Justice Alito Tries to Point the Way Forward for Permissible Regulation.

Justice Alito joined in Justice Thomas’s opinion but wrote separately, in an opinion joined by Justices Kennedy and Sotomayor, to list a number of regulations that would permissibly regulate signs without running afoul of the proscription against regulating content.  Permissible restrictions include signs’ location, whether they light up, whether they are on private or public property, and the number of signs permitted on a stretch of roadway.

Justice Breyer Rejects Strict Scrutiny for Some Governmental Content Regulation.

Justice Breyer wrote for himself and concurred in the judgment.  He emphasized, though, that strict scrutiny should not apply to all governmental regulation of speech.  For example, the government regulates what securities issuers, drug manufacturers, taxpayers, and physicians may, and may not, say, and sometimes what they must, and must not say, for a myriad of reasons.  Not all of these could survive strict scrutiny if applied as rigorously as the Court did in this case and it would not make sense to require the government to prove, for example, that “requiring a prescription drug label to bear the symbol ‘Rx only'” is narrowly tailored to meet a compelling governmental interest.

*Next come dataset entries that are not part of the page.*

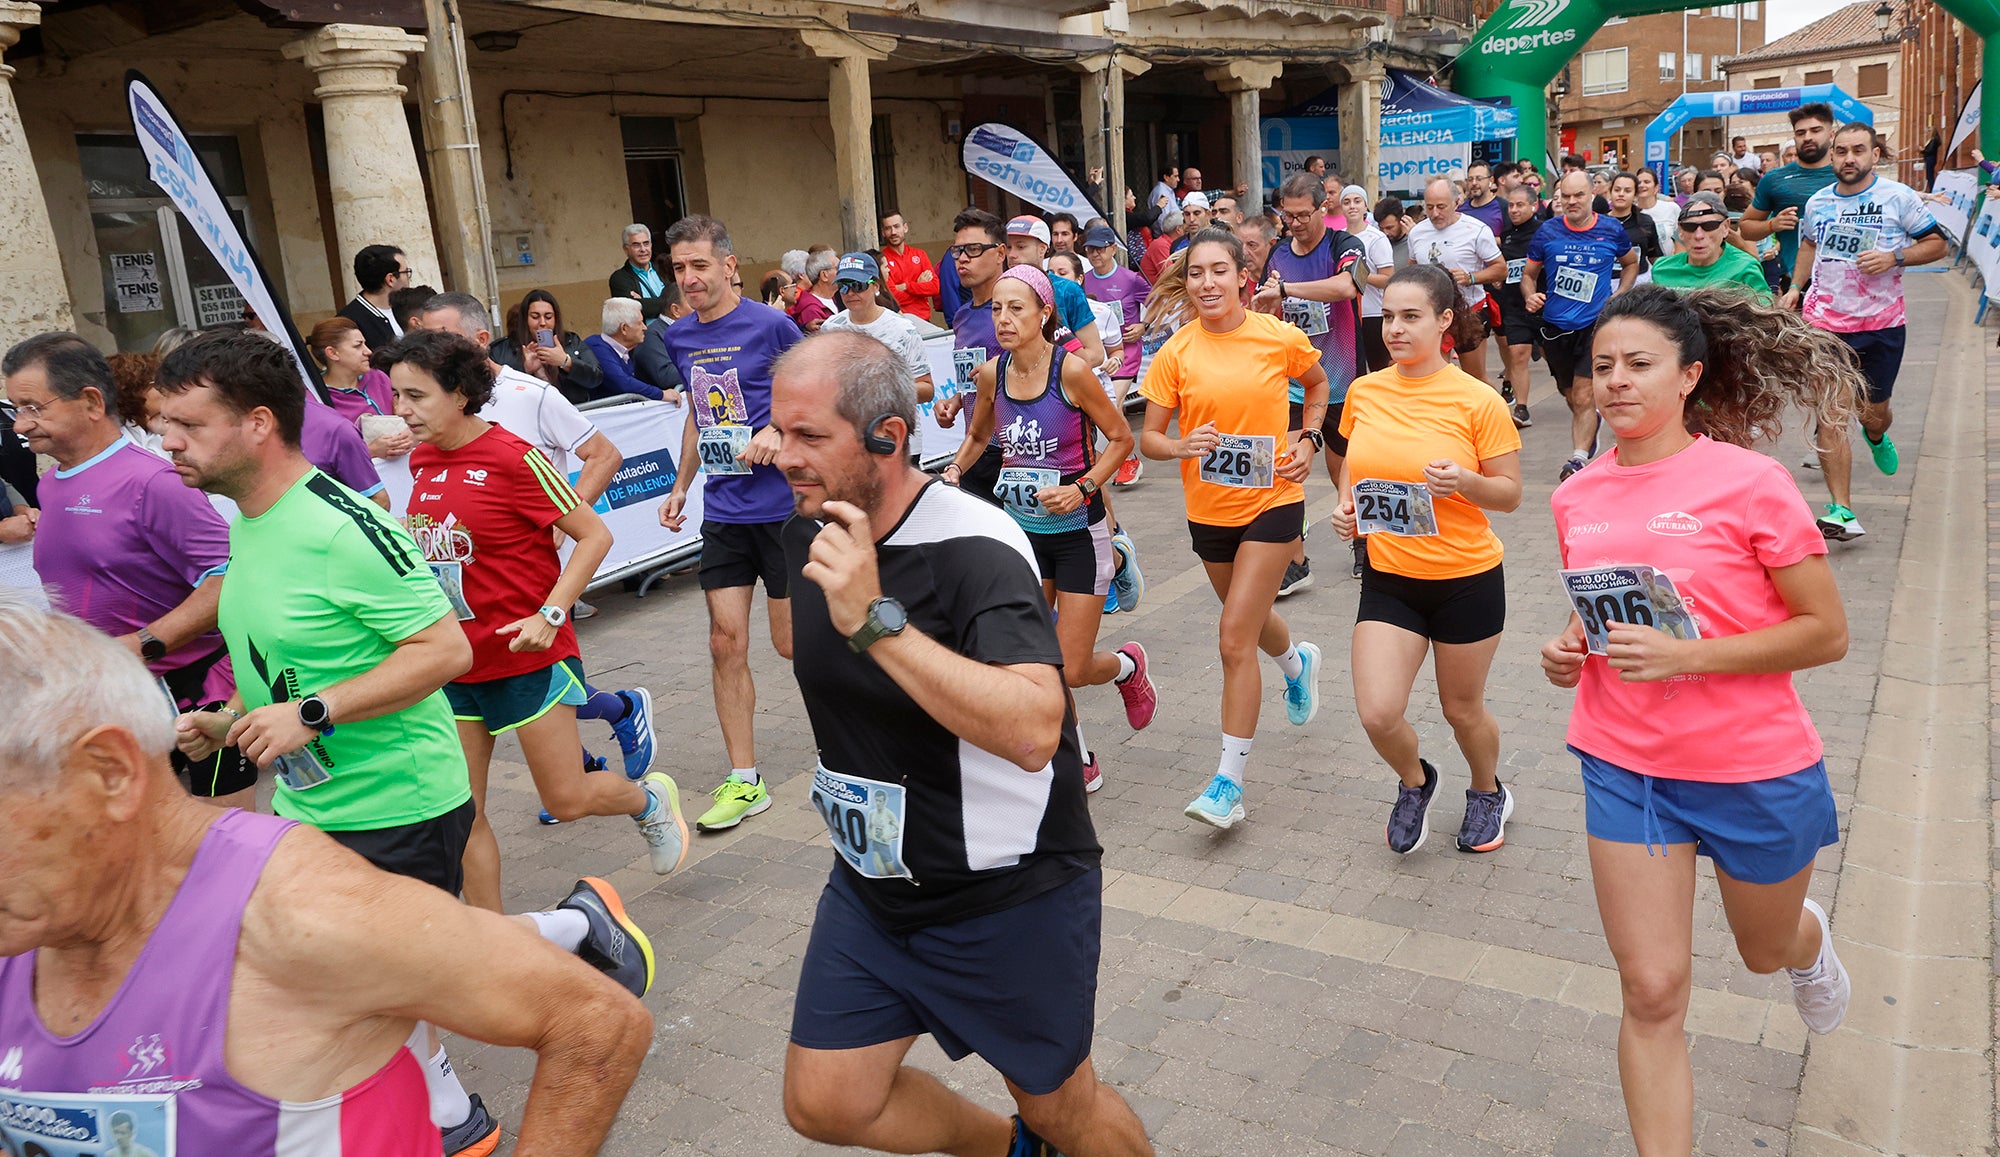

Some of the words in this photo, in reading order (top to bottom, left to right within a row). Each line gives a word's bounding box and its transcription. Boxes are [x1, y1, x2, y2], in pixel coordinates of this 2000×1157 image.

[1481, 29, 1576, 55] deportes
[1742, 102, 1755, 111] DE
[1756, 99, 1800, 110] PALENCIA
[1743, 92, 1790, 102] Diputación
[1379, 128, 1454, 146] ALENCIA
[1378, 156, 1463, 181] eportes
[1839, 216, 1884, 224] CARRERA
[1825, 234, 1861, 254] 458
[116, 254, 154, 267] TENIS
[118, 282, 159, 296] TENIS
[1557, 275, 1583, 294] 200
[200, 288, 214, 301] SE
[201, 302, 219, 313] 655
[221, 300, 235, 311] 419
[205, 312, 220, 324] 671
[221, 311, 236, 321] 070
[701, 441, 734, 465] 298
[1203, 450, 1252, 477] 226
[609, 487, 626, 502] DE
[626, 472, 677, 497] PALENCIA
[997, 483, 1040, 509] 213
[1358, 494, 1411, 525] 254
[1568, 521, 1610, 538] OYSHO
[1650, 519, 1698, 531] ASTURIANA
[1580, 572, 1617, 585] 10.000
[1609, 578, 1636, 588] HARO
[1576, 590, 1654, 635] 306
[284, 667, 303, 700] STILLA

Justice Kagan Would Reserve Strict Scrutiny for Content Regulation that Limits the Debate of Ideas.

Finally, Justice Kagan concurred in the judgment, and wrote an opinion in which Justices Ginsburg and Breyer joined.  She worried that the result of the Court’s opinion would be that ordinances that exempted from permitting requirements certain signs, such as “Blind Pedestrian Crossing” or “Hidden Driveway”, but otherwise required permits for other signs would be struck down.  Also in jeopardy of being struck down are regulations that prohibit illuminated signs except for illumination of a homeowner’s name or street address.  Like Justice Breyer, Justice Kagan was concerned that strict scrutiny of all government regulation of speech risks imperiling “entirely reasonable” laws that have no effect on the public’s ability to debate ideas.  It is this latter concern that animates the First Amendment.  Justice Kagan worried that strict scrutiny of all governmental speech regulation was too big a club for a concern that is not the point of the First Amendment.

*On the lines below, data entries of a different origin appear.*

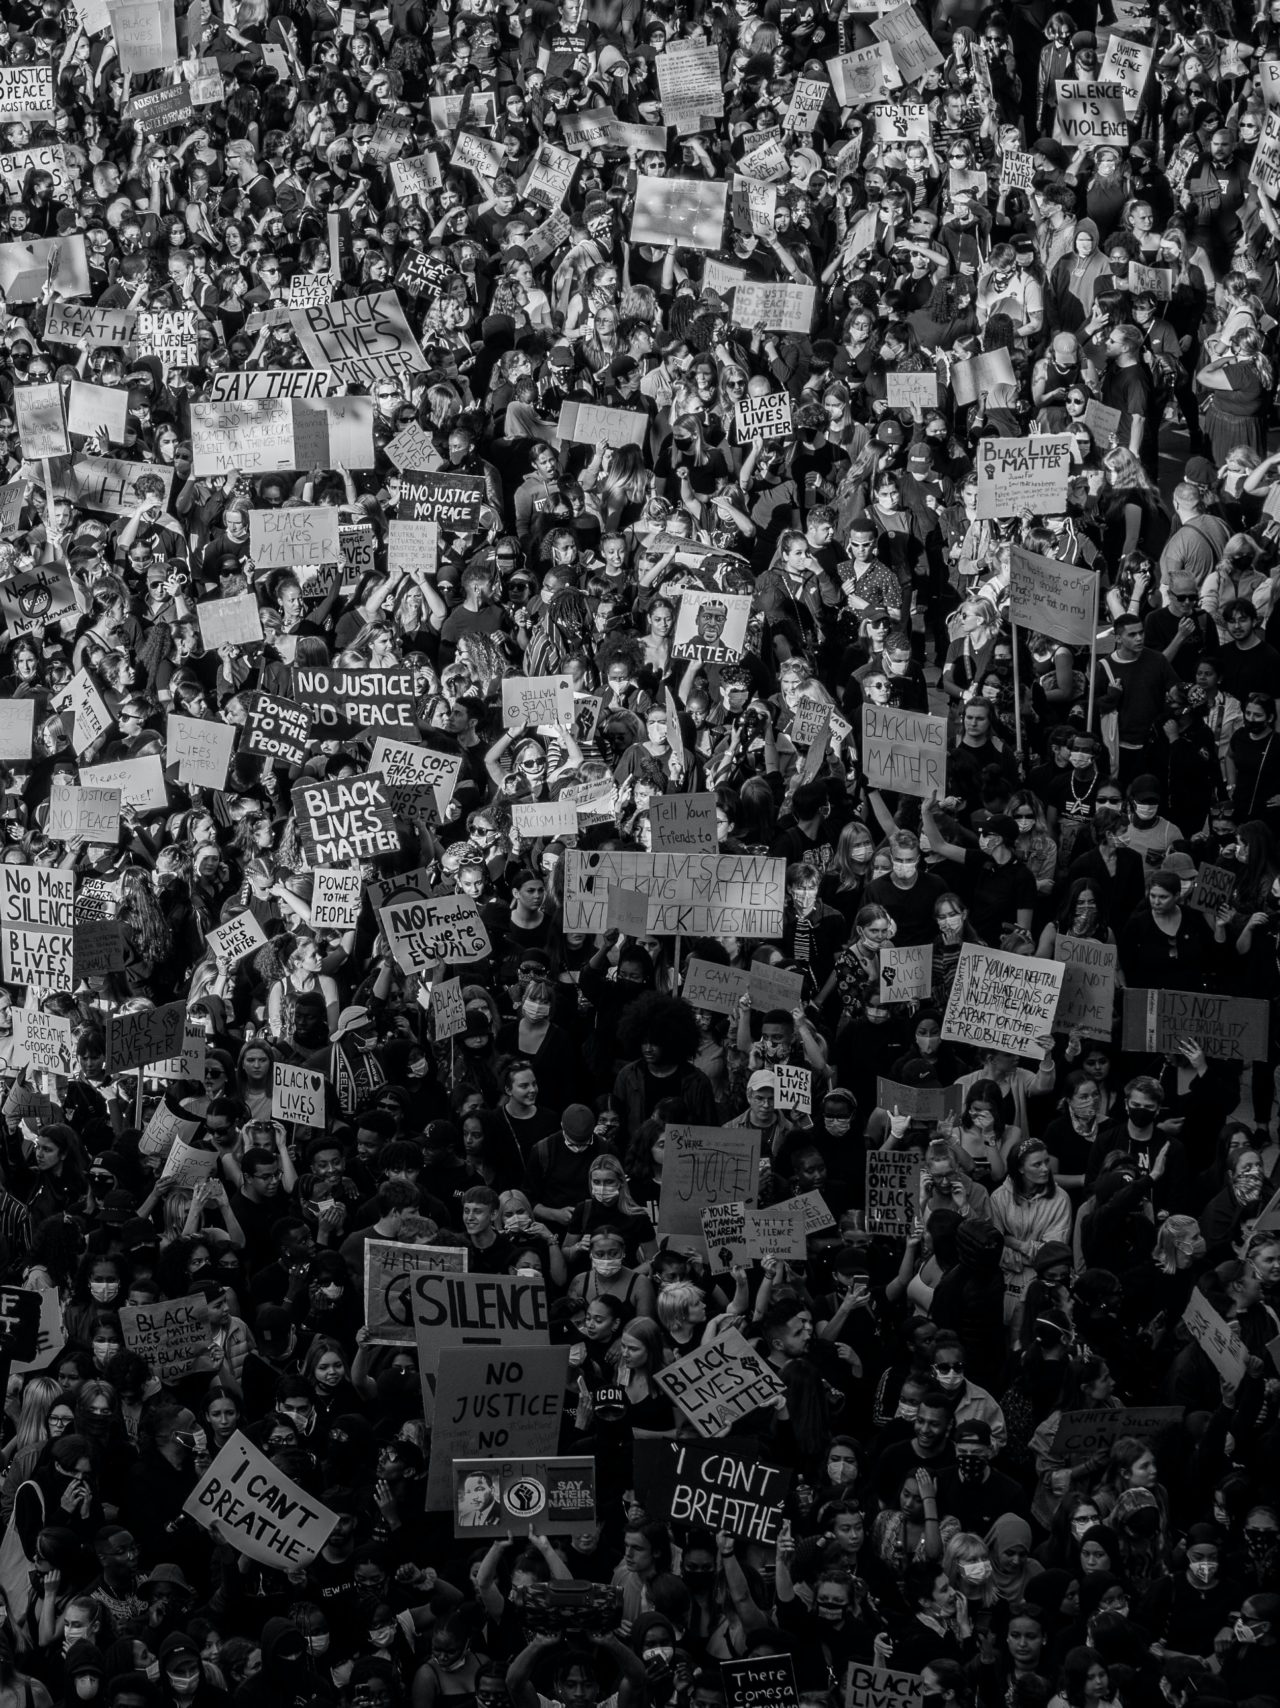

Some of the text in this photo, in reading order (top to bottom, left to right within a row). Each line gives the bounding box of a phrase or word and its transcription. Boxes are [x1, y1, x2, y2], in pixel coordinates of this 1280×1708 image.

[10, 69, 52, 84] JUSTICE
[8, 84, 46, 98] PEACE
[1061, 85, 1120, 99] SILENCE
[25, 99, 52, 111] POLICE
[876, 105, 925, 117] JUSTICE
[1083, 103, 1099, 114] IS
[1062, 119, 1127, 137] VIOLENCE
[306, 294, 389, 332] BLACK
[320, 322, 401, 361] LIVES
[330, 351, 414, 386] MATTER
[214, 373, 327, 399] SAY THEIR
[740, 395, 787, 412] BLACK
[743, 410, 782, 425] LIVES
[738, 422, 791, 442] MATTER
[984, 441, 1069, 461] BLACK LIVES
[1001, 456, 1061, 471] MATTER
[400, 482, 479, 504] #NO JUSTICE
[415, 504, 471, 521] NO PEACE
[298, 673, 412, 697] NO JUSTICE
[258, 698, 307, 728] POWER
[346, 704, 414, 725] PEACE
[250, 714, 308, 740] TO THE
[865, 709, 943, 746] BLACK LIVES
[250, 732, 304, 764] PEOPLE
[870, 751, 939, 786] MATTER
[304, 782, 386, 815] BLACK
[310, 808, 382, 839] LIVES
[317, 832, 399, 859] MATTER
[319, 877, 358, 890] POWER
[324, 894, 349, 902] TO THE
[8, 899, 73, 928] SILENCE
[316, 908, 355, 923] PEOPLE
[392, 904, 479, 932] NO Freedom
[11, 936, 71, 955] BLACK
[409, 944, 478, 965] EQUAL
[11, 953, 67, 971] LIVES
[10, 969, 71, 990] MATTER
[777, 1068, 809, 1081] BLACK
[780, 1079, 808, 1090] LIVES
[780, 1089, 811, 1105] MATTER
[870, 1152, 919, 1163] ALL LIVES
[869, 1175, 906, 1188] ONCE
[871, 1190, 914, 1208] BLACK
[871, 1208, 896, 1220] LIVES
[417, 1274, 550, 1331] SILENCE
[487, 1362, 523, 1384] NO
[663, 1342, 738, 1396] BLACK
[597, 1389, 622, 1401] ICON
[678, 1367, 744, 1412] LIVES
[453, 1394, 558, 1423] JUSTICE
[698, 1373, 785, 1435] MATTER
[479, 1429, 509, 1449] NO
[551, 1490, 591, 1498] THEIR
[557, 1481, 583, 1491] SAY
[247, 1475, 319, 1528] CANT
[548, 1499, 594, 1509] NAMES
[852, 1668, 922, 1698] BLACK

Local Governments Regulate Sign Content at Their Peril.

Local government officials will want to take care that their sign ordinances do not run afoul of the sort of content regulation the Supreme Court has now ruled against.

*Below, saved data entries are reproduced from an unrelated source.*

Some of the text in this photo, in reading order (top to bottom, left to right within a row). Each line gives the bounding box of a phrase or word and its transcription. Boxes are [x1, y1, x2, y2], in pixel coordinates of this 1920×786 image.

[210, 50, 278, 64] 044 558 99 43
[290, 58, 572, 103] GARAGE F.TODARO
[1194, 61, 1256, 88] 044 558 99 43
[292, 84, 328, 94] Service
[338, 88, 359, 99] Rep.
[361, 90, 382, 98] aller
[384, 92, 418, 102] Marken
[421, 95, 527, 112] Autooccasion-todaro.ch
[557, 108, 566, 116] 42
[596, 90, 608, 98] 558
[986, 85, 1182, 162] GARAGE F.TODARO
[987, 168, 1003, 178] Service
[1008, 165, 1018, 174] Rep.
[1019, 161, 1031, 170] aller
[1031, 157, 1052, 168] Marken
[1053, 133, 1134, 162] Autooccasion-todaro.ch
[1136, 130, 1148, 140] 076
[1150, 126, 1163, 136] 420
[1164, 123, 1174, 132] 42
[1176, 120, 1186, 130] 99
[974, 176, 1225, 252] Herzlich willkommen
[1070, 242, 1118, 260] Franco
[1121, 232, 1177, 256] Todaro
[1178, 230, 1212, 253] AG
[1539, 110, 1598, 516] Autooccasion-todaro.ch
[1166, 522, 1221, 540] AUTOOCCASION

Some localities, like the Town of Gilbert, have regulated temporary directional signs under laxer rules than, say, commercial business or real estate for sale signs, or church signs under laxer rules than “going out of business” signs and other commercial speech. Going forward, it is likely that most signs must be governed by the same size, display, and permitting rules, or rules requiring otherwise risk being invalidated.

This ruling makes the difficult task of creating an enforceable sign ordinance a little harder, since sometimes there may be no political support or will to regulate certain types of signs.  Notwithstanding this, any sort of sign regulation that is content-based within the U.S. Supreme Court’s ruling in Town of Gilbert will have to apply across the board.